The idea to make this is to make a multi-tape TM \(U’\) that does the above, and run the multi-tape reduction.

  • time hierarchy theorem

    “if you get more time to compute then you can solve strictly more problems”

    For all reasonable (“constructible”) \(f,g: \mathbb{N} \to \mathbb{N}\) where for all \(n\), \(g(n) > n^{2} f(n)^{2}\), then \(\text{TIME}(f(n)) \subset \text{TIME}(g(n))\) strictly contain.

    proof idea: Diagonalization Arguments with a clock; make a Turing machine \(N\) on input \(M\); simulate \(M\) on input \(M\) for \(f(|M|)\) steps then flip the answer.


    Proof:

    let us define some machine \(N(M)\) which computes in \(t = f(|M|)\). Run \(U\qty (M, M, 1^{t})\), and output the opposite answer.

    Assume for contradiction \(L(N)\) has time complexity \(f(n)\). By assumption, \(N(N)\) runs in \(f(|N|)\) time and outputs the opposite answer as \(U\qty (N, N, 1^{f\qty (|N|)})\). This is contradiction because \(N(N)\) outputting true means \(U(N, N)\) outputs false, etc. Tish is a contradiction.

    This means that \(L(N)\) does not have time complexity \(f(n)\).

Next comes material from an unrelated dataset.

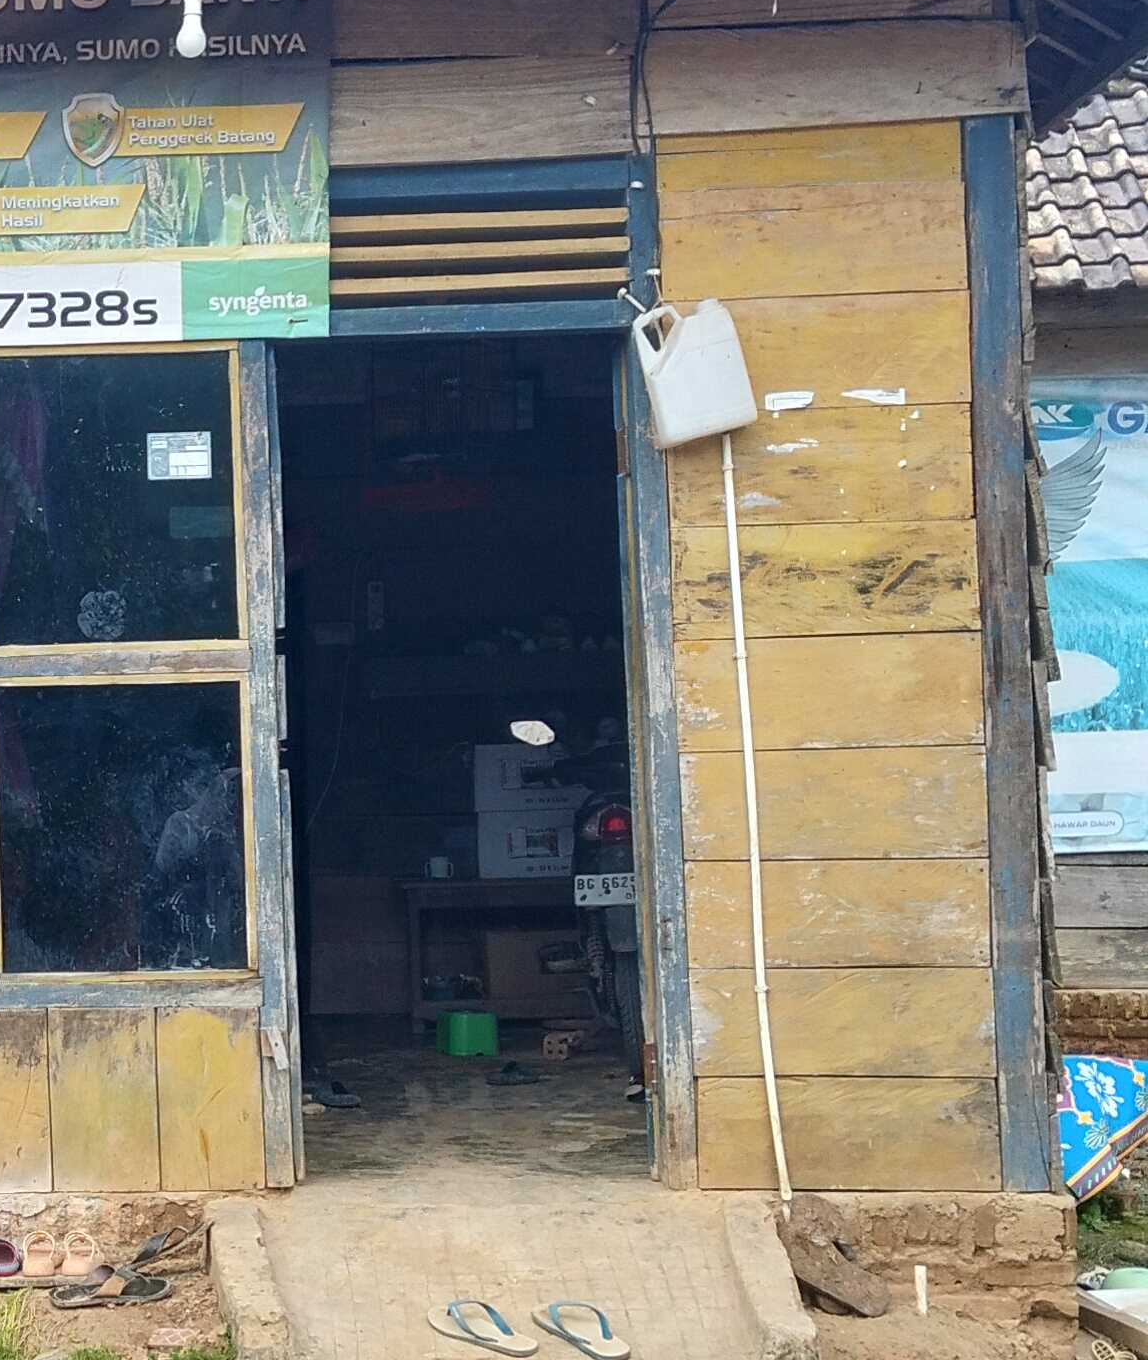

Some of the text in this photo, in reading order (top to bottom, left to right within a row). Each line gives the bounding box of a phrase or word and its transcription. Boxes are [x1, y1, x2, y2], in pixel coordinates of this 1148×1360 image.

    Recall however \(U\qty (N, N, 1^{f\qty (|N|)})\) halts in \(O\qty (|M|^{2} t^{2})\) steps, so let’s set \(g(|M|) > |M|^{2} f(|M|)^{2}\) for all \(M\).

    (This also holds for multiple Turing Machines).


    correlary

    \begin{equation} \text{TIME}\qty(n) \subset \text{TIME}\qty(n^{2}) \subset \dots \end{equation}

    there are an infinite hierarchy of increasingly time-consuming problems

example

  • same number

    \begin{equation} A = \qty {0^{k} 1^{k} \mid k \geq 0} \end{equation}

    for a turing machine on \(A\), on input of length \(n\), we….

    1. first pass: scan the tape and reject if the string is not of the form \(0^{i}1^{j}\)
    2. repeat if both $0$s and $1$s are an the tape
      1. scan across the tape, crossing off a single \(0\) and a single \(1\)
    3. if \(0\) remain after all \(1\) crossed off, then reject. otherwise, accept

    This has complexity of…

    1. single scan: \(O(n)\)
    2. crossing off left right: \(O\qty (n^{2})\)
    3. verifying: \(O(n)\)
  • actually, though, we can do this in \(O(n \log n)\)

    • if \(w\) is not in the right shape \(0^{*}1^{*}\), reject
    • repeat until all bits of \(w\) are crossed out
      • if parity (odd/evenness) of \(0\) is not parity of \(1\), reject
      • cross out every other \(0\), cross out ever other \(1\)
    • if all bits crossed out, accept

    There will be \(\log n\) crossings-out at most (since each divides by \(2\)), and each of such crossings-out, will check linearly.